Treatment will depend on the cause of the chronic hepatitis.

- Viral hepatitis; hepatitis B and C viruses require specific antiviral treatment. In the case of hepatitis C, new direct-acting antivirals have radically changed the prognosis for patients, so that it is now a disease which is curable with few side effects.

- Hepatic steatosis requires a change of patient lifestyle (balanced diet and exercise). Several pharmacological treatments are currently being studied which could help to lessen the build-up of fat in the liver.

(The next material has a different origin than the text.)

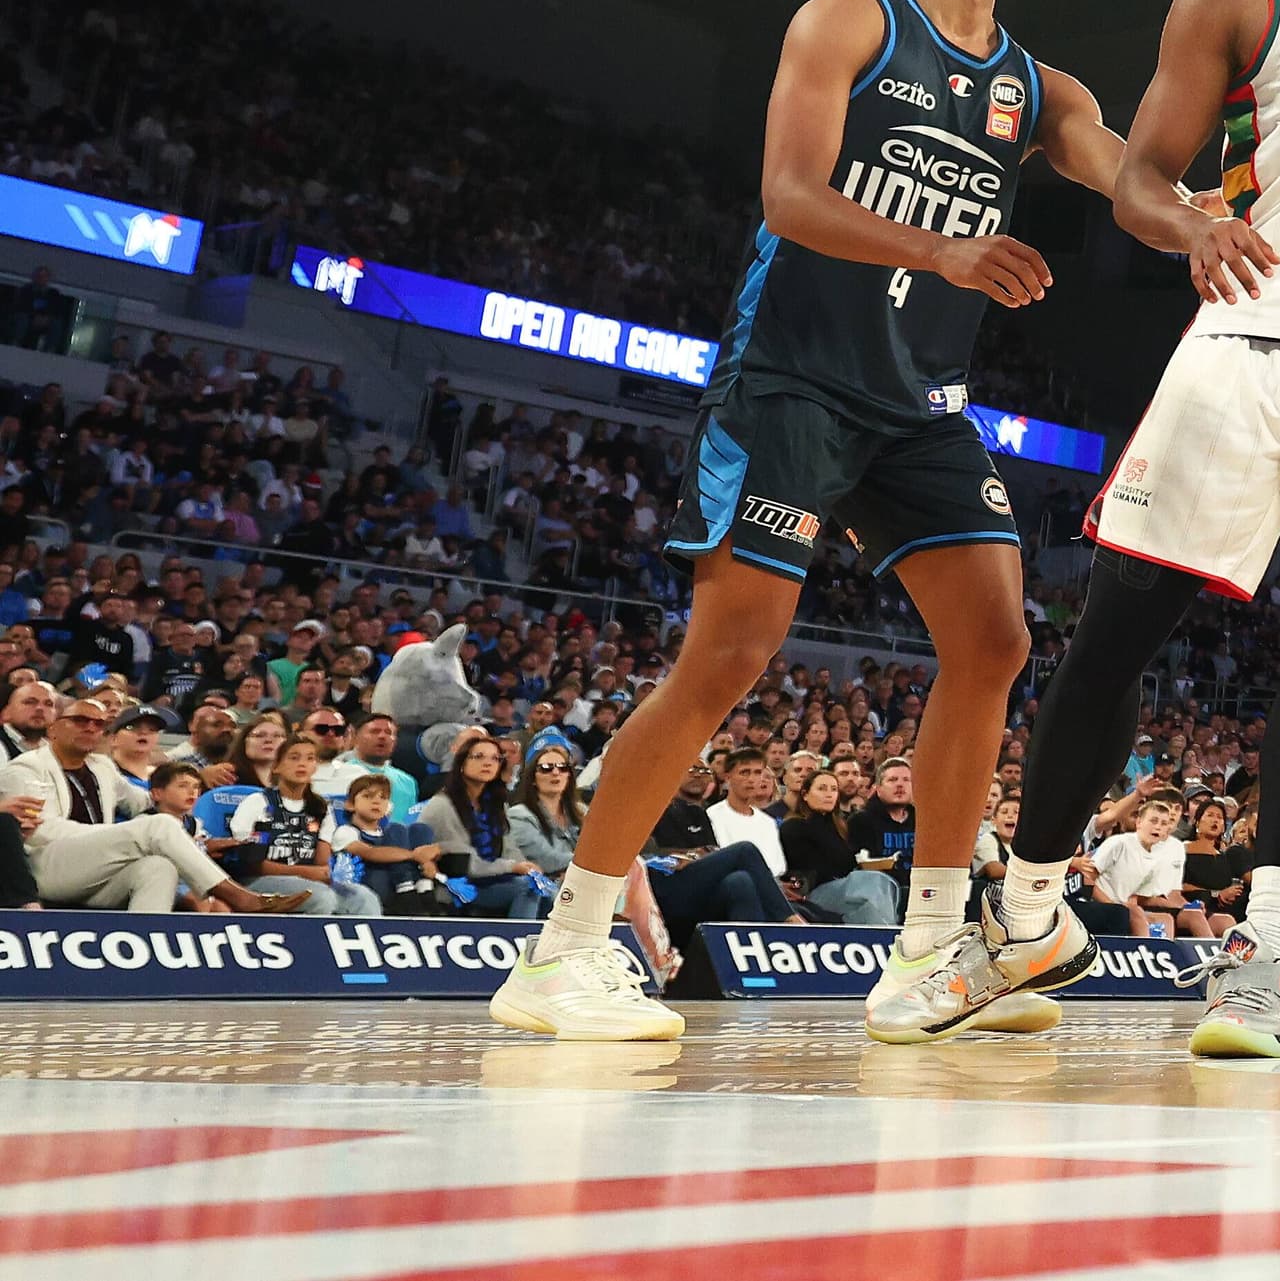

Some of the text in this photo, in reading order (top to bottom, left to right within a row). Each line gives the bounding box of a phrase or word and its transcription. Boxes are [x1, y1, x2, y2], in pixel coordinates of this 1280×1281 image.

[479, 291, 711, 385] OPEN AIR GAME
[0, 923, 294, 970] arcourts

- Autoimmune hepatitis; this has a specific treatment where the defence system is modulated with corticoids and Azathioprine.

- Wilson's disease; this is an illness that causes copper to build up in the liver and other organs. Treatments are aimed at increasing the elimination of copper through urine (D-penicillamine) or at reducing its absorption (zinc salts)

  

Typical tests

Mainly analytical tests for diagnosing the cause of the inflammation of the liver and evaluating its dysfunction, and elastography to assess the extent of fibrosis.

 

Prevention 

  • Vaccination against the A and B viruses is the best treatment possible (included in the vaccination calendar). There is currently no vaccine for the C virus.
  • Contraceptive barrier methods (condoms) protect against STD infections (including hepatitis B and C).
  • Use of early vaccination +/- gammaglobulins against the hepatitis B virus can prevent the transmission of the HBV from infected mothers to newborns.
  • Toxic hepatitis is prevented by avoiding exposure to the various toxins involved.
  • Finally, in the case of hepatic steatosis, prevention is promoted under healthcare-education programmes encouraging better habits.